═══ EXTRACTED RECORDS

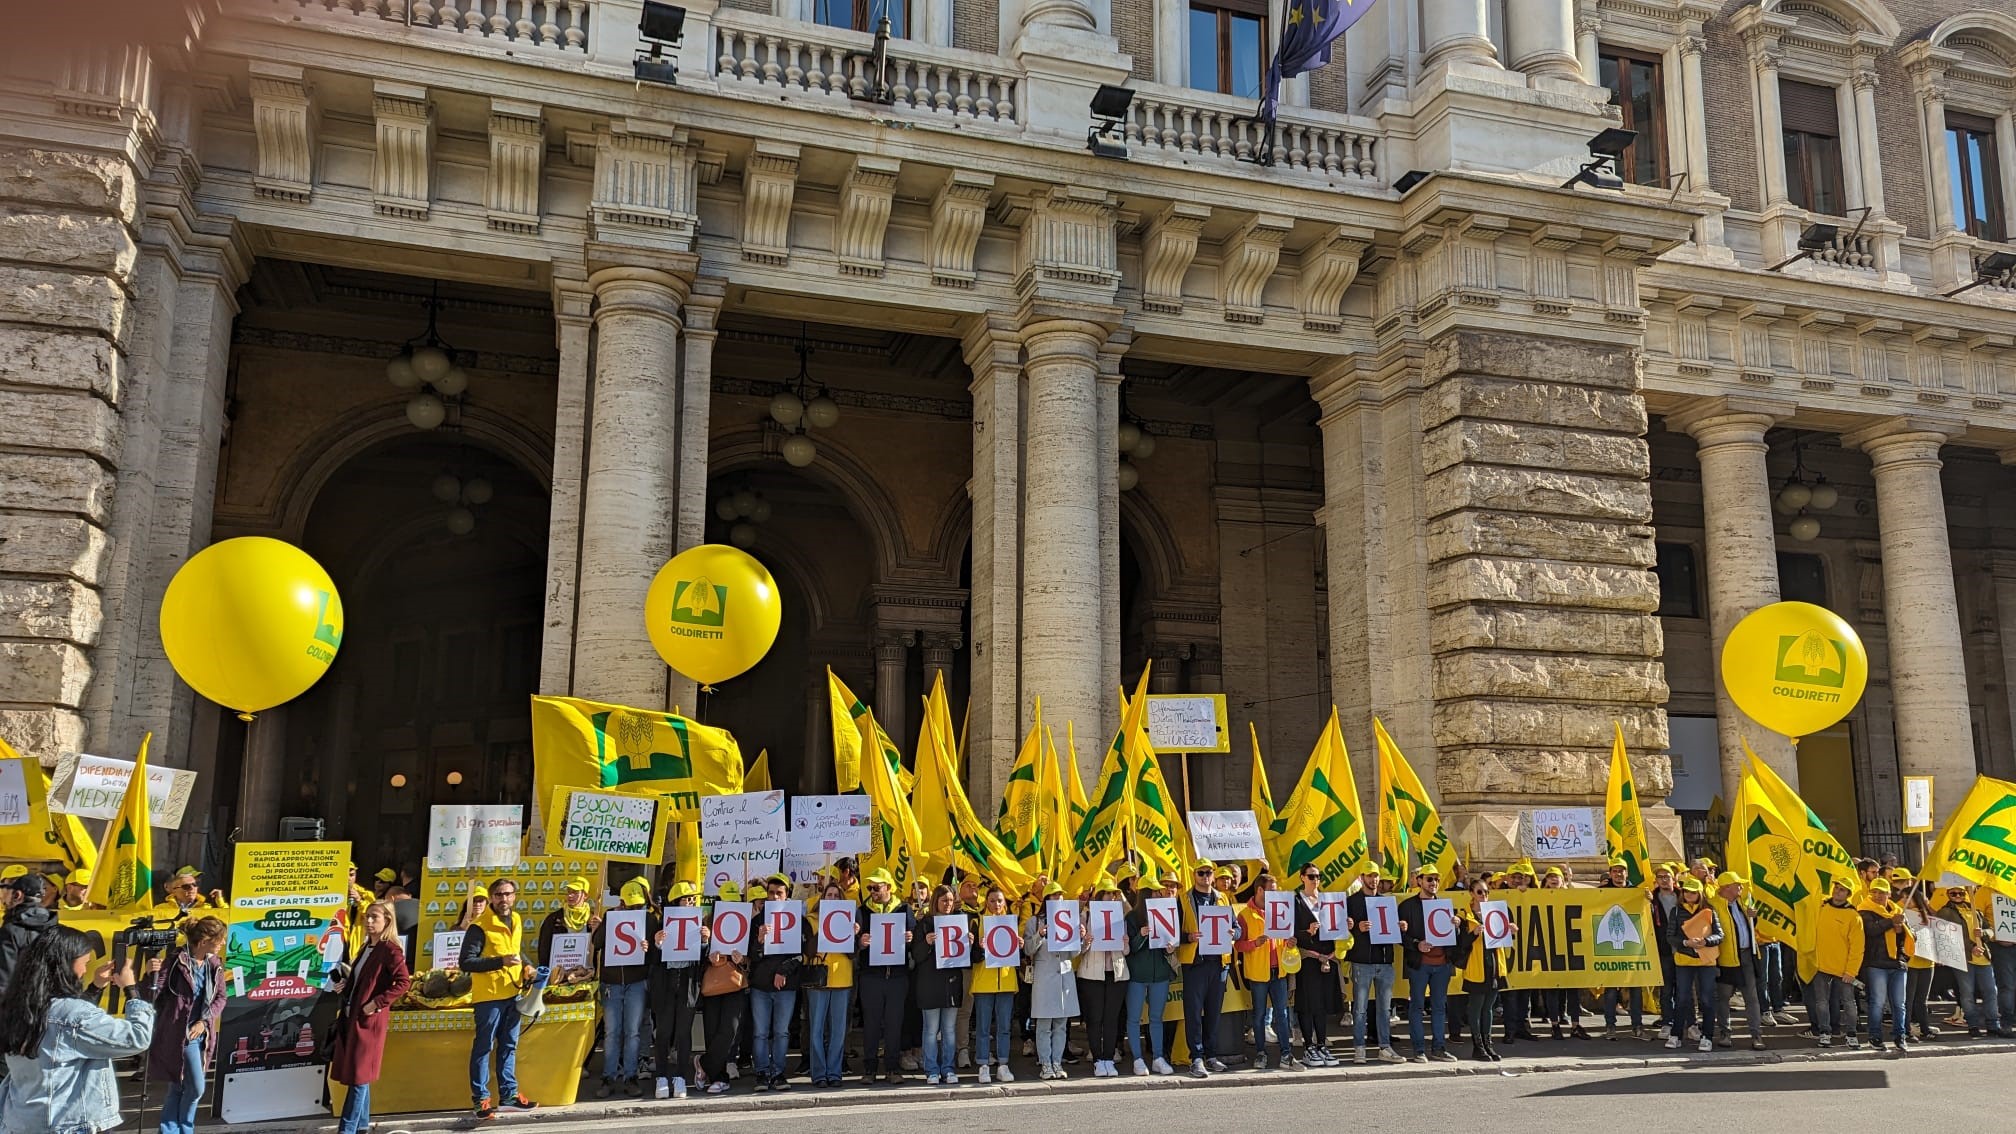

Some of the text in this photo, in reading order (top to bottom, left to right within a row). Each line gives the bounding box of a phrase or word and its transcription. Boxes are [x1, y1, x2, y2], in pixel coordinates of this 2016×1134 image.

[670, 625, 723, 640] COLDIRETTI
[1772, 685, 1841, 704] COLDIRETTI
[79, 765, 133, 778] DIFENDIAM
[576, 794, 624, 814] BUON
[570, 810, 651, 833] COMPLEANNO
[569, 824, 613, 839] DIETA
[1535, 824, 1578, 839] NUOVA
[567, 838, 648, 855] MEDITERRANEA
[1536, 836, 1582, 850] PAZZA
[240, 896, 339, 907] DA CHE PARTE STAI?
[274, 911, 301, 919] CIBO
[260, 919, 317, 929] NATURALE
[1593, 960, 1652, 972] COLDIRETTI
[268, 979, 294, 988] CIBO
[249, 986, 313, 998] ARTIFICIALE
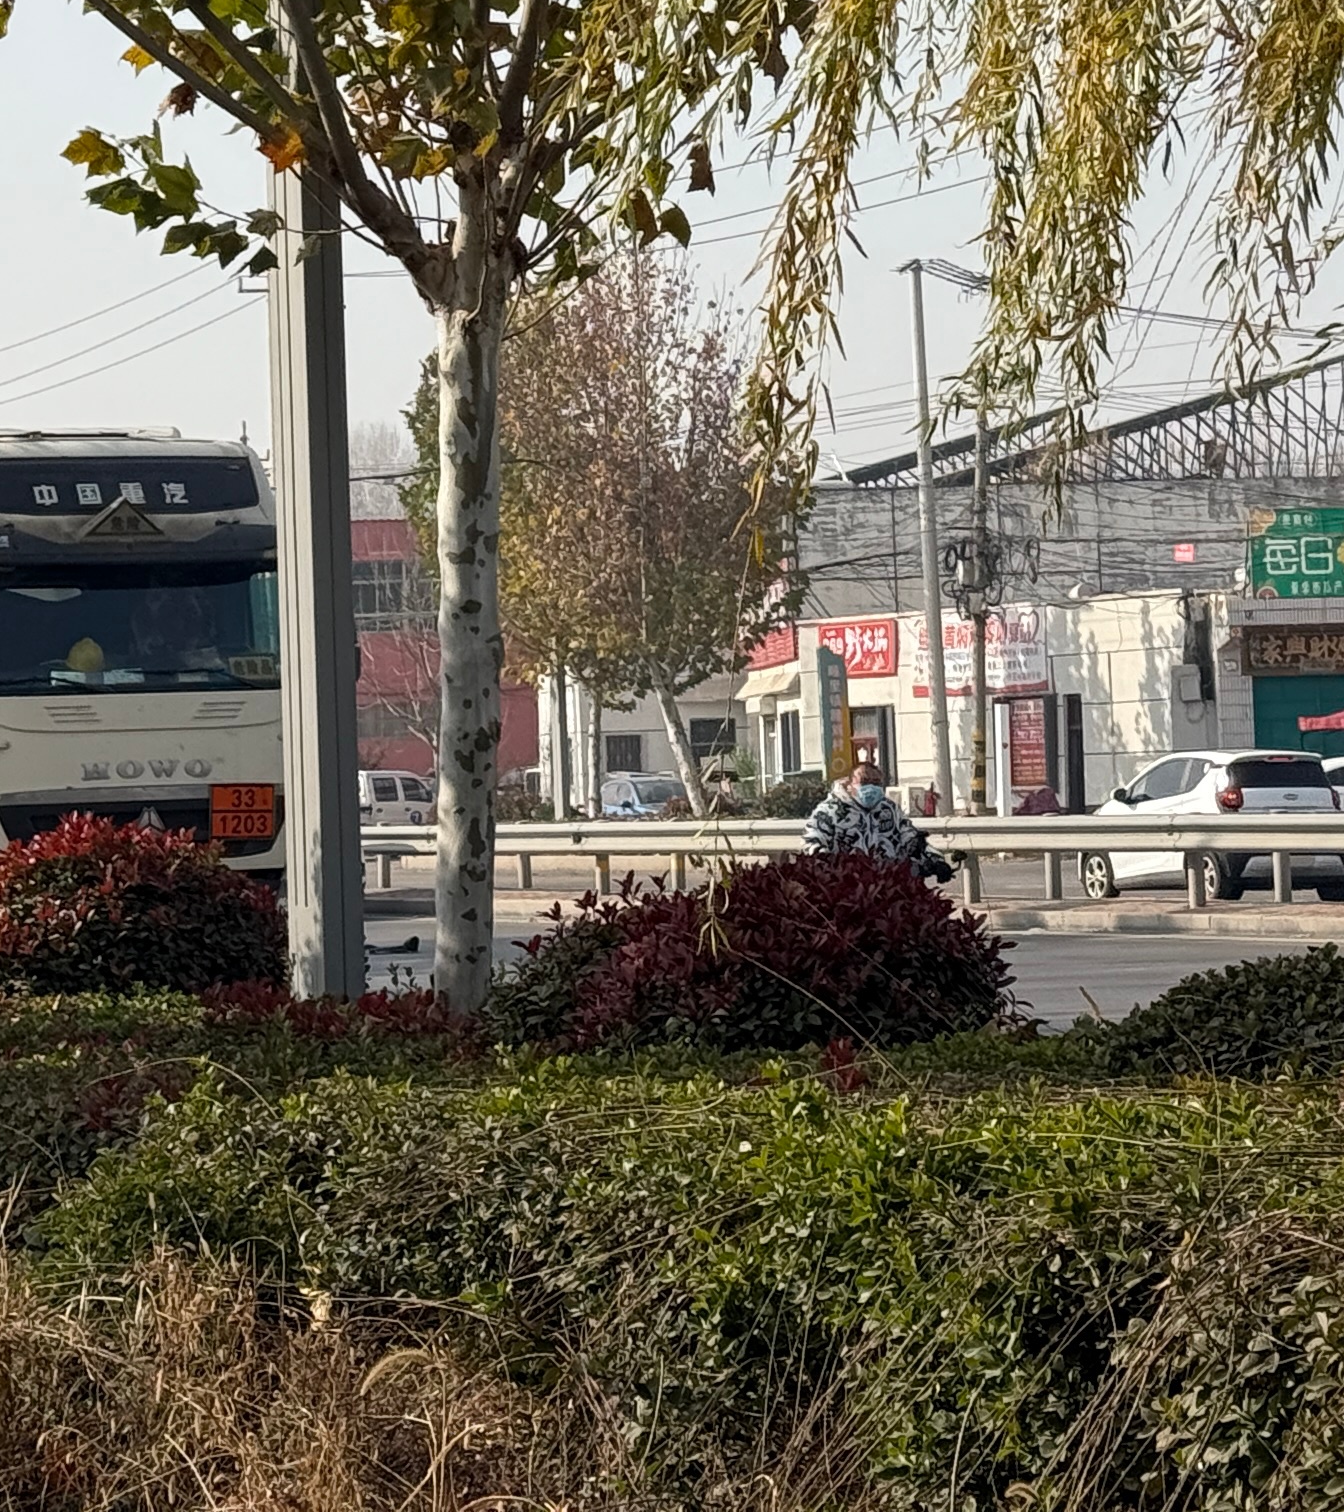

══════

__WHAT YOU WILL DO__. Could you reproduce the listing above exactly and drop every picture?

__WRITTEN SOLUTION__.
Some of the text in this photo, in reading order (top to bottom, left to right within a row). Each line gives the bounding box of a phrase or word and its transcription. Boxes are [x1, y1, x2, y2], in pixel coordinates of this 2016×1134 image.

[670, 625, 723, 640] COLDIRETTI
[1772, 685, 1841, 704] COLDIRETTI
[79, 765, 133, 778] DIFENDIAM
[576, 794, 624, 814] BUON
[570, 810, 651, 833] COMPLEANNO
[569, 824, 613, 839] DIETA
[1535, 824, 1578, 839] NUOVA
[567, 838, 648, 855] MEDITERRANEA
[1536, 836, 1582, 850] PAZZA
[240, 896, 339, 907] DA CHE PARTE STAI?
[274, 911, 301, 919] CIBO
[260, 919, 317, 929] NATURALE
[1593, 960, 1652, 972] COLDIRETTI
[268, 979, 294, 988] CIBO
[249, 986, 313, 998] ARTIFICIALE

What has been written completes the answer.